Sunday, 27 February 2011
Bouguereau's Nympha and Satyr.
Just a quick post to show some love for William Bouguereau, and admiration, in particular, for his painting Nymphs and Satyr (1873). Apropos of nothing in particular, except I was put in mind of it discussing the perfect female figure with a learned associate. It's indeed a beguiling, joyous, luminous picture. By all accounts the original has the power to stop people in their tracks, a power that clearly transcends its subject matter. My friend happens to be a surgeon, well placed to comment on the nigh-miraculous anatomical perfection of the figures in Bouguereau's paintings. He also commented on the light that is in the painting. As a humble artist slowly achieving incremental technical improvements, I can only hold this up as a gage by which to measure awesomeness, and a distant goal to aspire to. It shows what human hands are capable of creating.

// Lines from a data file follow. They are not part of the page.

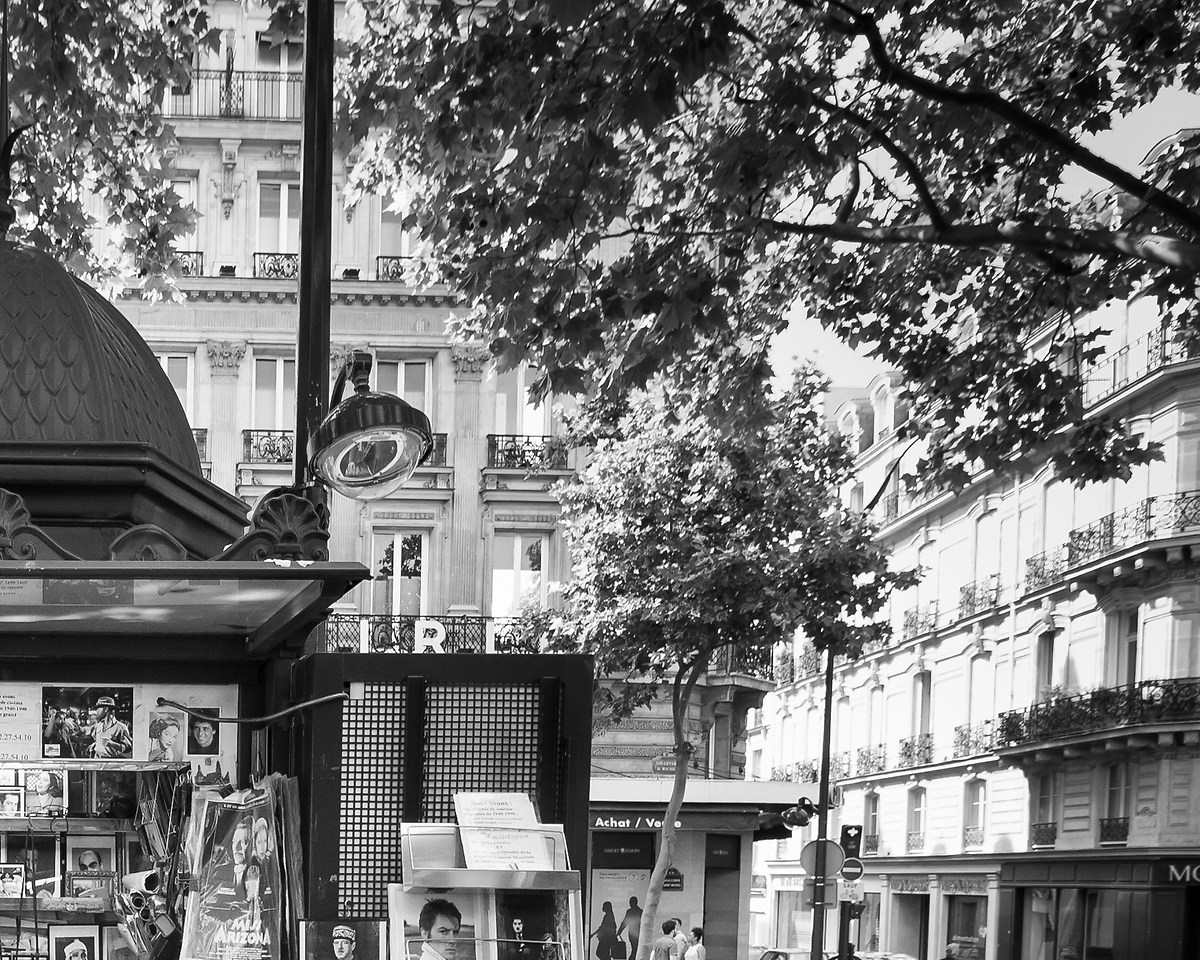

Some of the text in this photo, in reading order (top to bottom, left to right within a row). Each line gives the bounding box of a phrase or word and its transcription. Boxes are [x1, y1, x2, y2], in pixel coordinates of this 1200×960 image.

[595, 817, 681, 828] Achat / Vee
[214, 927, 270, 945] ARIZONA
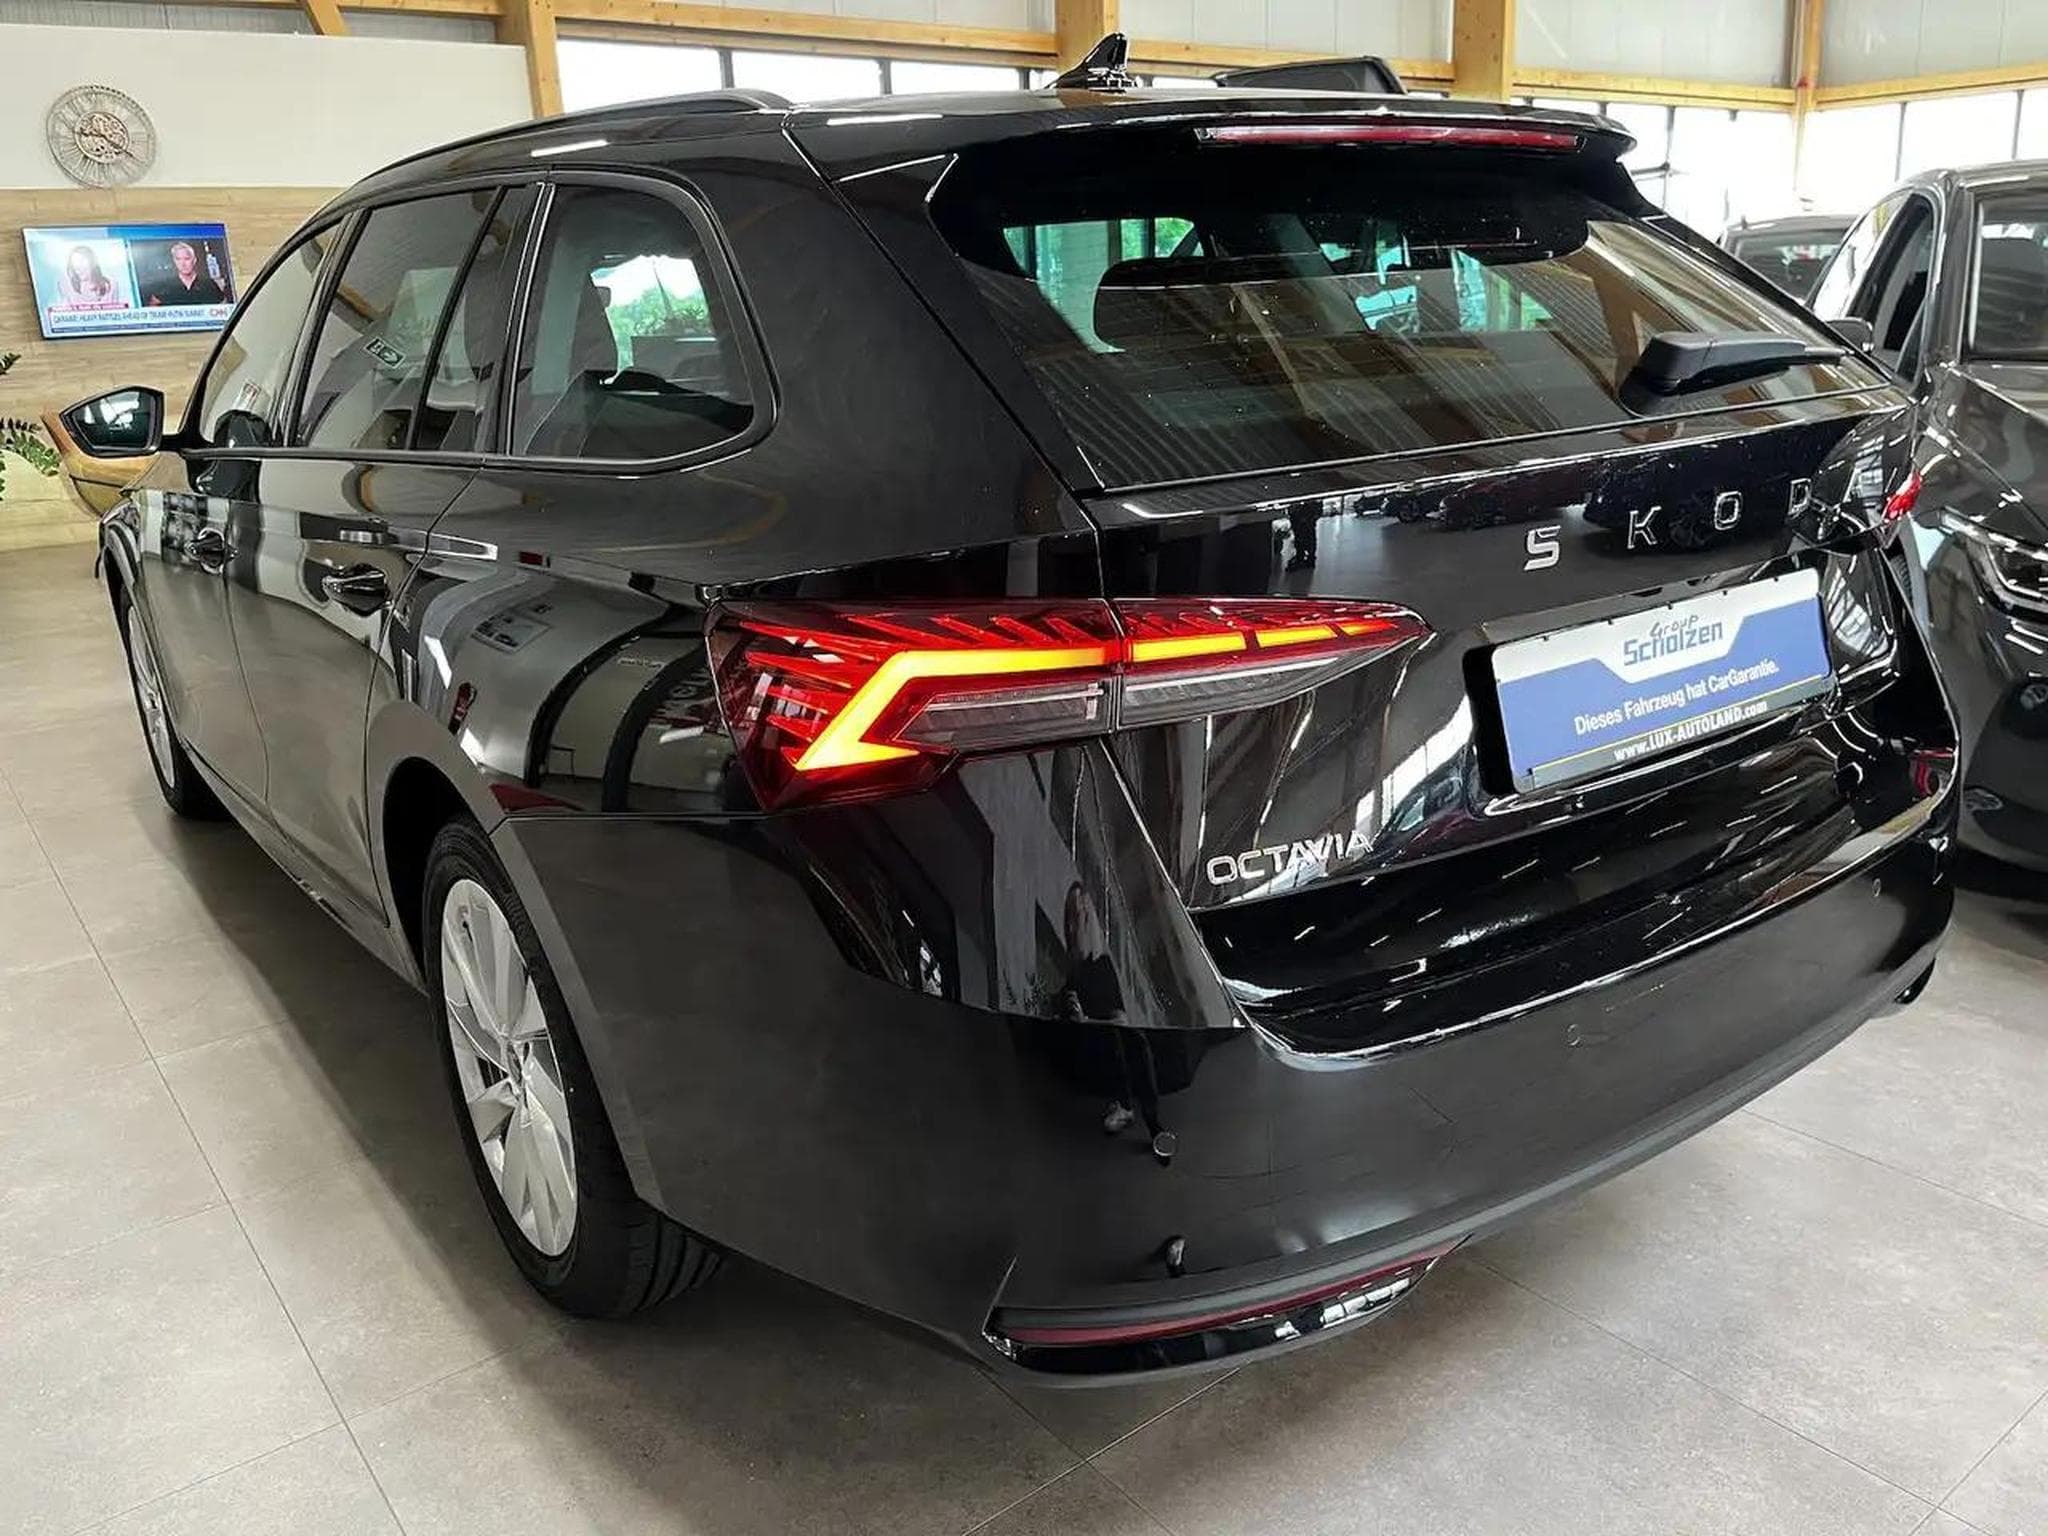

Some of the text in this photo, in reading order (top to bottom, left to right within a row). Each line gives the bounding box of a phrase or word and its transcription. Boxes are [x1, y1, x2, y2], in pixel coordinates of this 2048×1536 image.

[1523, 478, 1812, 571] SKOD
[1574, 658, 1780, 735] Dieses Fahrzeug hat CarGarantie.
[1613, 699, 1769, 762] www.LUX-AUTOLAND.com
[1206, 829, 1375, 886] OCTAVIA
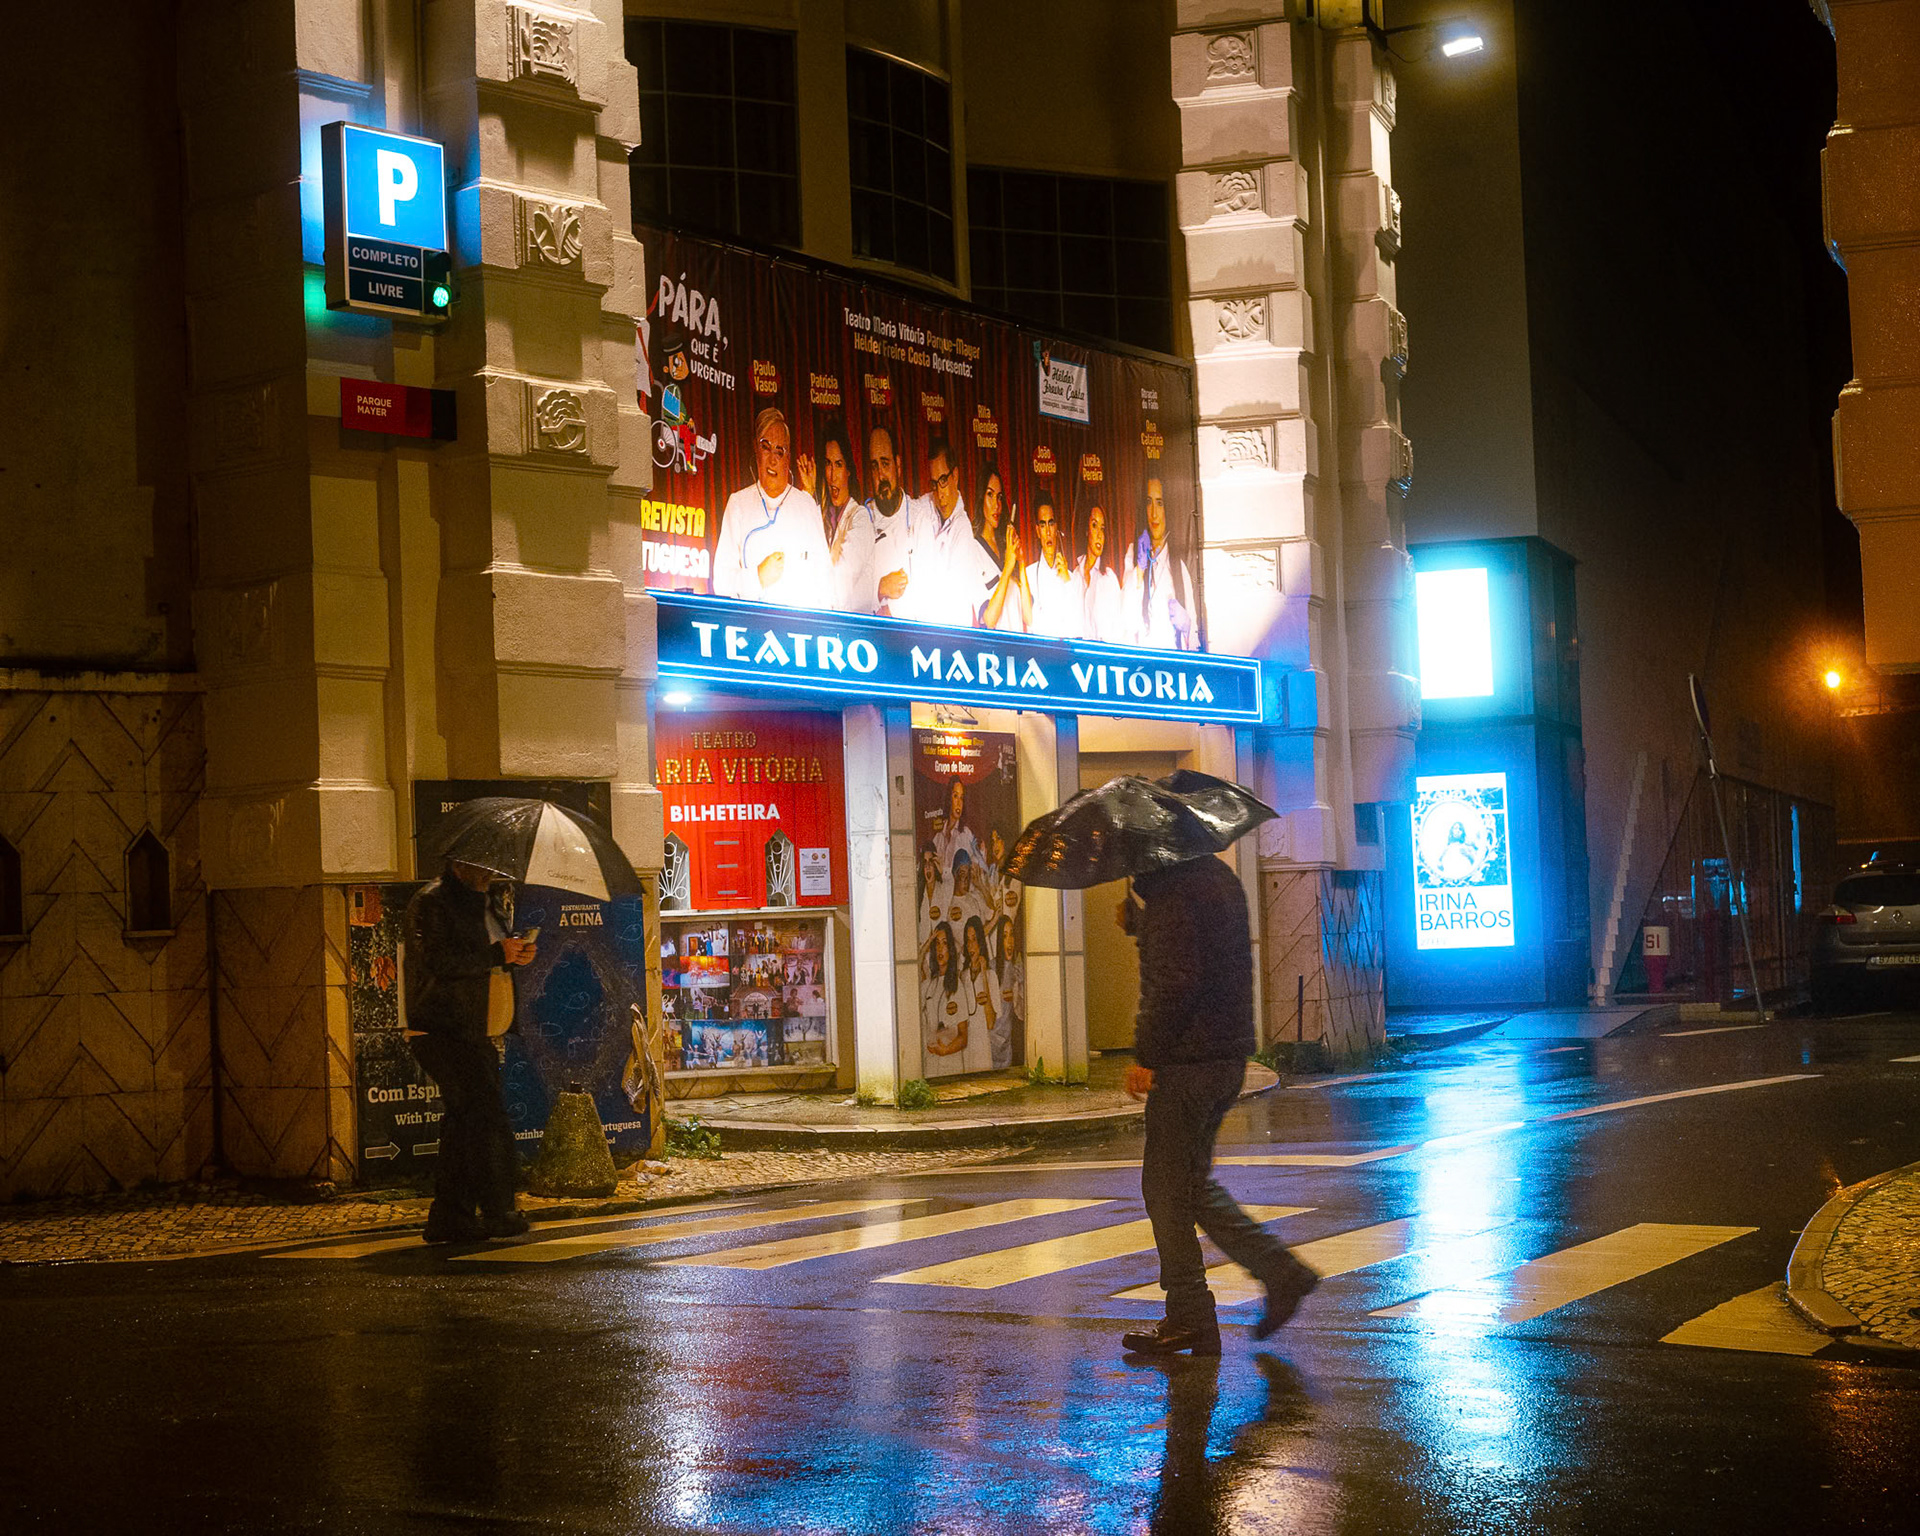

Subject matter wise the image is somewhat echoed by J. W. Waterhouse's Hylas and the Nymphs (1896), though obviously Bouguereau's piece is more lively (despite being more finely rendered). Waterhouse introduced a wistful, intense, slightly sombre tone (common to many of his works). The way one of the females grip's the solitary male figure's arm is very similar in both these paintings. Waterhouse's hero is being lured to his doom; there is nothing, meanwhile, to suggest that anything more untoward than a dunking awaits Bouguereau's satyr. Fortunately his female companions are nymphs of the wood rather than the water, and they are more interested in teasing than entrapping.